Ma l’anno successivo, scaduto il mandato di Cannariato, a vincere le elezioni comunali fu il centrodestra. E cominciò il lungo “calvario” per il busto del dirigente contadino prizzese. Per mesi fu “dimenticato” in un’anonima stanza del comune, fino a quando la protesta dei familiari, costrinse i nuovi amministratori a sistemarlo all’ingresso del municipio. Poi più niente. Nicola Alongi fu assassinato la sera del 29 febbraio 1920, mentre si stava recando nella sede della “Lega di Miglioramento”, in via Umberto I, per tenervi una riunione. Era quasi arrivato a destinazione, quando una fucilata, seguita immediatamente da altre due, lo colpì al fianco e al petto, facendolo stramazzare per terra. Alcuni soci della Lega, arrivati subito dopo gli spari, lo trasportarono immediatamente nella casa di Nicolò Provenzano e chiamarono un medico, il quale non poté che constatarne la morte. Alongi aveva appena compiuto 57 anni. Com’era usuale in quegli anni, le indagini per individuare esecutori e mandanti del delitto non approdarono a nulla.

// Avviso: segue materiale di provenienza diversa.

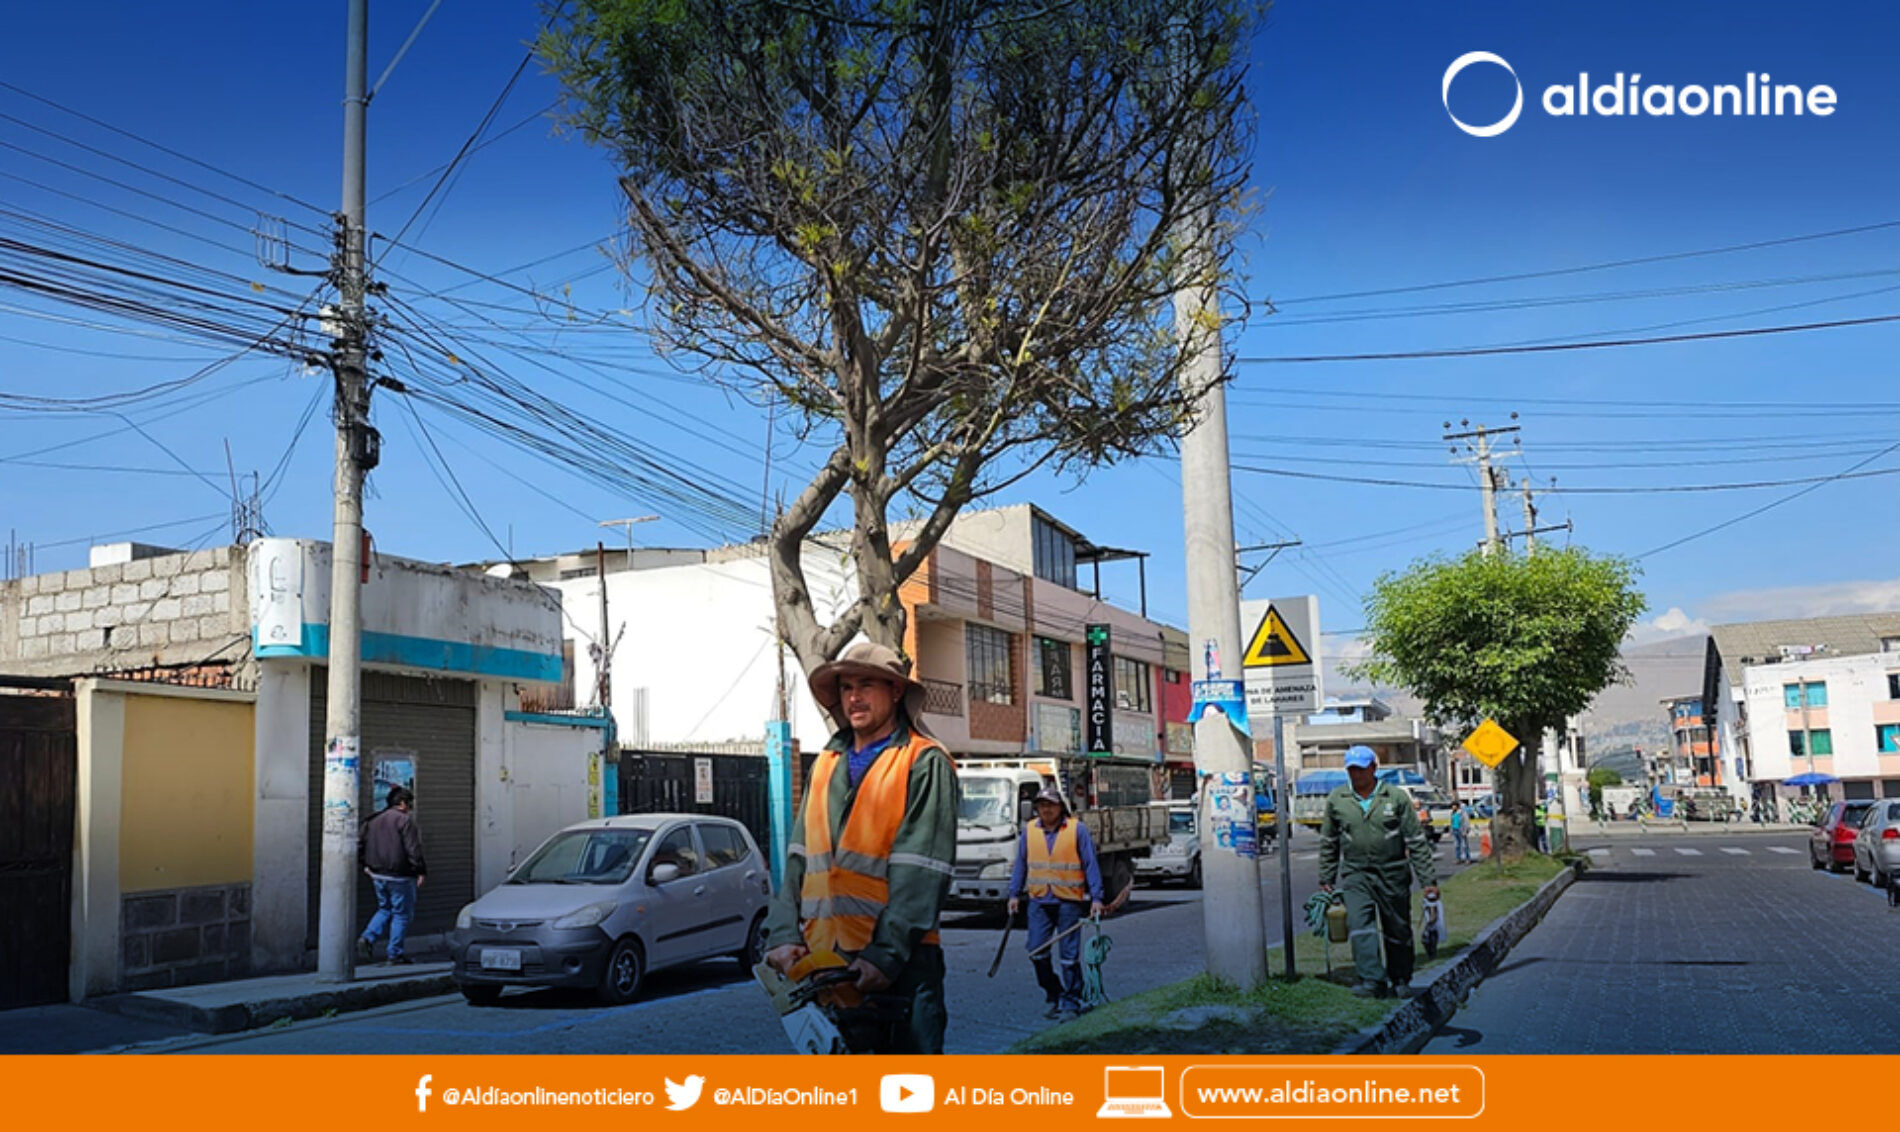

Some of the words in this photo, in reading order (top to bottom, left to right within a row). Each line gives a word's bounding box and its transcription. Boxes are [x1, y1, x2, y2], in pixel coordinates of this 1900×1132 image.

Nell’immediato, tanto per far volare gli stracci, furono arrestati i Gabelloti Gristina, D’Angelo, Mancuso, Costa e Pecoraro, indicati come mandanti dell’omicidio di Alongi, e i campieri Luigi Campagna e Matteo Vallone, sospettati di essere stati gli esecutori materiali. Ma ben presto tutti tornarono in libertà. Si tratta di cognomi “pesanti” di cui ancora oggi a Prizzi non si parla volentieri. E se ne parla ancora meno, dopo una casuale scoperta del giornalista de “L’Ora” Marcello Cimino, che nel 1971, ricostruendo le origini del Partito comunista in Sicilia, venne a conoscenza del nome di almeno uno dei mandanti dell’omicidio Alongi: don “Sisì” Silvestre Gristina, all’epoca influente capomafia di Prizzi. Don “Sisì” morì accoltellato a Palermo la sera del 23 gennaio 1921, ma non fu un regolamento di conti all’interno di Cosa Nostra siciliana. Ad ucciderlo furono alcuni compagni di Giovanni Orcel, capo degli operai metalmeccanici della Cgil di Palermo, assassinato dalla mafia la sera del 14 ottobre 1920.

Questi avevano saputo che era stato lui ad ordinare gli omicidi sia di Orcel che di Alongi, avevano constatato l’incapacità e la scarsa volontà della polizia e della magistratura dell’epoca di venire a capo dei due terribili fatti di sangue, e allora decisero di vendicare i due compagni con un atto di “disperata giustizia proletaria”, scrive il prof. Marino. Probabilmente, tutto questo a Prizzi lo si sapeva da tempo. Per questo, solo raramente in 87 anni si è squarciato il velo del silenzio sull’omicidio Alongi e sulle successive tragiche vicende. “So che si congiura contro di me, che si vuole attentare alla mia vita – disse Nicolò Alongi ai suoi compagni palermitani qualche settimana prima di essere ucciso – non so se domani potrò tornare ad abbracciarvi, ma sono sicuro che altri sorgerà a sventolare la bandiera che mi si vuole strappare di mano”. E, qualche settimana dopo, durante la commemorazione alla Camera, il deputato socialista Vincenzo Vacirca accusò il governo dell’epoca di dare alla mafia “la sensazione e la coscienza” che “si può uccidere i socialisti perché la polizia e la giustizia sono cieche.